Serhiy Prytula, présentateur de télévision et de radio populaire en Ukraine, rêvait de transformer un immeuble de bureaux du centre-ville de Kiev en siège de son nouveau parti politique. Assis à une table devant une section rétro-éclairée de l’Ukraine, il contribuerait à façonner l’avenir de son pays.
Maintenant que la Russie a envahi l’Ukraine, son objectif a changé. Au lieu d’un centre de politique, le bâtiment est devenu un centre d’organisation et de coordination des soins aux militaires volontaires.
À l’intérieur, il n’y a pas de politiciens ou de tracts avec des candidats ou des points de discussion. Il n’y a que des soldats et des volontaires qui ramassent des boîtes pleines de médicaments, de conserves, de gilets pare-balles, de casques, d’uniformes et de drones télécommandés utilisés pour surveiller et larguer des bombes sur l’armée russe.
« Nous ne nous soucions pas de la politique en Ukraine maintenant », a déclaré Prytula au téléphone. « Nous sommes tous des soldats ou des volontaires maintenant, et nous n’avons qu’une seule question : comment pouvons-nous sauver notre État ? »
Tirant parti de sa renommée et de sa portée sur les réseaux sociaux, Prytula a construit un vaste réseau de livraison. Il accepte des dons, négocie l’achat de gilets pare-balles et de casques auprès de fabricants de pays comme la Turquie, fait pression sur les concessionnaires automobiles pour qu’ils fournissent des véhicules de défense territoriale à des prix très avantageux, gère des entrepôts de la Pologne à Kiev et déplace des dizaines de bus et de camions remplis de fournitures à travers le de campagne.
Son travail n’est qu’un exemple du plus grand effort de soins depuis la guerre froide et le pont aérien de Berlin.
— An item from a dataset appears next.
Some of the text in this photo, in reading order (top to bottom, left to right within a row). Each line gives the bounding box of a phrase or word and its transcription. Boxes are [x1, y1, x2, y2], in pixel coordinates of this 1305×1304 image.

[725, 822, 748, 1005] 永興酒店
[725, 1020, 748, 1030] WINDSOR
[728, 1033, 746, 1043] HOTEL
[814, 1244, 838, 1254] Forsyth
Alors que des millions d’Ukrainiens traversent les frontières, de nombreux groupes coordonnent la manière de fournir une assistance humanitaire, médicale et militaire pour aider à défendre le pays.
Des agences gouvernementales, des partenaires de l’OTAN et des groupes philanthropiques se sont rassemblés à l’extérieur du pays pour aider les réfugiés et emballer des fournitures qui seront bientôt acheminées vers l’Ukraine.
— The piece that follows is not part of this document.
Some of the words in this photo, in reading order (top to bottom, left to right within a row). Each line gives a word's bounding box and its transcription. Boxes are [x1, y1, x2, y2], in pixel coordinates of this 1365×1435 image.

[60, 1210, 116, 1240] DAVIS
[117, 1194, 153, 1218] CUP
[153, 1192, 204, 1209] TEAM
« Il s’agit d’une situation vraiment intense avec littéralement des millions de personnes qui essaient de faire entrer des fournitures – vous pouvez donc immédiatement imaginer les problèmes logistiques ici », a déclaré Sarah Mendelson, qui a été ambassadrice des États-Unis aux États-Unis – et Conseil social des Nations. et en tant qu’adjoint de l’Agence américaine pour le développement international sous l’administration Obama.
« C’est un acte d’équilibre assez extrême », a-t-elle ajouté.
L’USAID a déclaré avoir déployé son équipe d’experts en catastrophes en Pologne pour travailler avec des partenaires là-bas afin « d’évaluer les besoins, d’identifier l’assistance et de déterminer des itinéraires viables vers l’Ukraine pour identifier l’assistance ».
« La situation sur le terrain en Ukraine évolue rapidement », a déclaré un porte-parole de l’agence. « Les hostilités en cours continuent d’endommager et de détruire les routes et les ponts, de détériorer les infrastructures ferroviaires et de compliquer les efforts de secours. À moins que l’accès humanitaire ne s’améliore, la situation déjà dévastatrice ne fera qu’empirer.
Plusieurs groupes d’approvisionnement ont déclaré que le trajet de six heures entre Kiev et Lviv, à la frontière polonaise, prend désormais environ une journée. La situation est devenue plus difficile car Kiev est de plus en plus encerclée. Les routes et les ponts sont endommagés ou détruits, certaines routes sont considérées comme dangereuses, et le mouvement des troupes russes et les bombardements signifient qu’aucun corridor n’est garanti.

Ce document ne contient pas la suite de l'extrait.